I'll will say this and then shut up about it.  A great villain can be purely evil or a 'gray villain'.  The villain acts as the counter opposite of the hero and gives them the reason to be heroes.  But where you so often see writers fail is not giving the villain a good reason for being evil.  Why is this guy starving his kingdom and beheading every guy named Jason his solders find?  Give me the reader a reason I can believe and accept.  If you tell me that's how he gets his kicks, then I'm not onboard with that.  And write a great villain, not some carbon-copy version of Sauron from Lord of the Rings.  I'm a huge Star Wars fan, but I personally think  the Emperor was too cartoonish to appreciate.  Darth Vader, well now, he's just as over the top as the emperor but he has style and reasons for being so evil, especially to his kids. (And then with the first three movies, you get the back-story of his charter and it makes him that more awesome.)

What are your thoughts about integrating action with character, particularly with reference to Megazaur?

Actions define your character.  Do they think one thing and then do the opposite?  Is that action something you wouldn't expect?  In real life, we often do the exact opposite of what we think we should.  We are caught by surprise.  We wimp out and disappoint our friends and family or we act boldly which might be out of character.  It's something as a writer you have to think about.  What's true in life is not acceptable in a novel.  You're character is defined by the actions they take and set a pattern that we as the reader then come to expect.
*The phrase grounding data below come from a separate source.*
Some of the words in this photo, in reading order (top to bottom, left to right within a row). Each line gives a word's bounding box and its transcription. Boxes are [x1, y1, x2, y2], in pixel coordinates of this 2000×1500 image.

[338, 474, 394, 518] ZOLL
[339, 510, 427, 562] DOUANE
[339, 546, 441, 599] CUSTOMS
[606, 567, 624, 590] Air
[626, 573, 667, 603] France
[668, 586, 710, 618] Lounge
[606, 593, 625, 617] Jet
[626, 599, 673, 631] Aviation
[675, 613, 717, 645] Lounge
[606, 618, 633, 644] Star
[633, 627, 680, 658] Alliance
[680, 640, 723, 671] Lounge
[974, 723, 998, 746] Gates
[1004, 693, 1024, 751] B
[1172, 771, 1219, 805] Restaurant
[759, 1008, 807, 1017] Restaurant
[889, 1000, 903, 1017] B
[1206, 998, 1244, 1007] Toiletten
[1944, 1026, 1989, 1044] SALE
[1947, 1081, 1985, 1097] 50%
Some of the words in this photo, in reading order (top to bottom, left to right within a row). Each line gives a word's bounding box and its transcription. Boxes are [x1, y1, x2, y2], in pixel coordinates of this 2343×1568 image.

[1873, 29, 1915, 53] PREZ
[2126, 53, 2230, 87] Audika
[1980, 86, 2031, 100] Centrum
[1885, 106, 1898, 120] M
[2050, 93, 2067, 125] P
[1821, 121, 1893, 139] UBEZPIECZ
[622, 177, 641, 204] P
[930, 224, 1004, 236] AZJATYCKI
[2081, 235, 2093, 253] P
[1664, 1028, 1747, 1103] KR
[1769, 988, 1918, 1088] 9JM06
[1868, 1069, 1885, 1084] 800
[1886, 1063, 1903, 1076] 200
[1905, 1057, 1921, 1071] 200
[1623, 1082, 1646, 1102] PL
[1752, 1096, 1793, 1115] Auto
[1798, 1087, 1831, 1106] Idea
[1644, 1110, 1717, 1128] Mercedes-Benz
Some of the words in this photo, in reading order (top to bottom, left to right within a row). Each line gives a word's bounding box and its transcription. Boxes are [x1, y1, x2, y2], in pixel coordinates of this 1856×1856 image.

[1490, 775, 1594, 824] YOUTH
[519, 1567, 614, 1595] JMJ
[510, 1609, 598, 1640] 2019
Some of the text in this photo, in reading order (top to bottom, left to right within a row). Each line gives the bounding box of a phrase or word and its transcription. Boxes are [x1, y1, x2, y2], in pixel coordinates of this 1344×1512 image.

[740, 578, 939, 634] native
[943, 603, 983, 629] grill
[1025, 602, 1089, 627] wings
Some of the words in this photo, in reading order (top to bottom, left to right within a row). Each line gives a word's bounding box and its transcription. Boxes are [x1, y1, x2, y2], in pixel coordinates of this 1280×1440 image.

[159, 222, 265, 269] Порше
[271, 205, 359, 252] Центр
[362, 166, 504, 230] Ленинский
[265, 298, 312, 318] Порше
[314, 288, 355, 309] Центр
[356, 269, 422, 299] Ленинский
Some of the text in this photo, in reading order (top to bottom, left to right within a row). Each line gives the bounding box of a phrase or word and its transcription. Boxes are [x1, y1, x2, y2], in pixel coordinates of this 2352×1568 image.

When that character acts in away we don't associate with them it has to be defined as a carefully planned exception.  Readers don't fantasy to find reality but to find characters that act as noble or as evil as we want to or fantasize about.  We all want to be heroes or villains. A reader can accept faults as long as the character acts logically in the defined characterization the author lays out.  Kind of a huge responsibility as an author if you think about it.

Where do you see yourself heading as an Indie writer (in terms of genres, types of stories, writing style)?

I will be living in this land of Megazaurs for quite awhile, even if I only have a few fans. I created it, I love it and I have a responsibility to see it thru. Akysha's practically my daughter and I wouldn't abandon her.  After that?  Who knows?  I have ideas and I write them down and I would love to try my hand at horror, but for the next few years, I'll be writing about dinosaurs.

How do you critique or get feedback on your work?

Mostly from a few select people I trust, like my friend Susan Stec and Bryant James.  I'm writing the next two Megazaurs currently as we speak and hope to have them both done by early spring.

How has the release and writing of Megazaur helped you as a writer?

I don't spend enough time writing, I seem to be spending a lot of time trying to get people to read it.  But, I have met some great people, including you that I hope to become friends with, because you help drive me.  I want to compete with you in a friendly way and keep have meaningful conversations about our craft.  It stimulates me. Intellectually. 
  
What tips would you pass on to other writers based on your experience?

Join a writing group to help perfect your writing.  What seems great to you often isn't and you meet people who can help you become the best you can be.  And oh yeah…when you read other novels write down all the verbs.  You can never have enough!

Thanks, Brian, great answers.  And looking forward to reading new books in the Megazaur series!